In this rich, beautifully written book, Peter Reason shares his search for the sacred wildness of the world during a return voyage in a small sailing boat from Plymouth in south-west England across the Celtic Sea to the remote Blasket islands off the south-western coast of Ireland. My seasickness at the slightest roll of a boat prevents me from experiencing anything of the tumultuous ocean, or of developing the deep knowledge that seasoned mariners such as Peter have of tides, maps, tackle, huge waves and tempestuous, seascaped weather. But reading Spindrift from the solid reassurance of the land gave me a palpable sense of what it would be like to set out on such an adventure, apprenticed to the wide oceanic soul of our planet, in search of meaning.

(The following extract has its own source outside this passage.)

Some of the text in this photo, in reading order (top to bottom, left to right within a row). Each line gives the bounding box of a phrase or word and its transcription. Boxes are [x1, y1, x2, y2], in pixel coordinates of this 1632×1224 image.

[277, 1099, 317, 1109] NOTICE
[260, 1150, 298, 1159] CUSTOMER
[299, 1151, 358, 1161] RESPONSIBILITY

Peter shares a great deal in this book, both about the practice of sailing and about his own deep ecological wisdom as it unfolds during the long voyage. Coral, his 31ft boat, is our home, small in the vastness of the ocean. We meet her sails, her ropes and rigging, her pumps and boathooks, and experience her cramped but well-designed interior. We learn how to steer her in various ways, how to cook a meal on her tiny gimballed stove, how to sleep in a bunk during a storm. We share Peter’s delight at the intricacy of naval charts arrowed with flows of water around rugged coastlines. We feel the cosy security of our waterproofs in rough weather, even as we experience our fragility and vulnerability in the massive waves that crash onto the boat’s deck.
As we travel we learn, amongst other things, about the state of the Earth, about Gaia theory, about Peter’s life as a university professor pioneering the practice of Action Research, about Chan and Zen Buddhism, and we see how Peter slowly realises his aim of discovering “how might we again experience ourselves as participants in a wider, more-than-human world”. We witness how, mostly alone, but sometimes in the company of his friend Gwen, he is helped by the ocean to reach the lived, bodily experience that “the world is more alive, more sentient, more interconnected and more enchanted than is normally accepted in Western civilisation”. We witness with delight how he enters into a wider conversation that takes place not via words and images but by means of “physical interaction with wind and water”.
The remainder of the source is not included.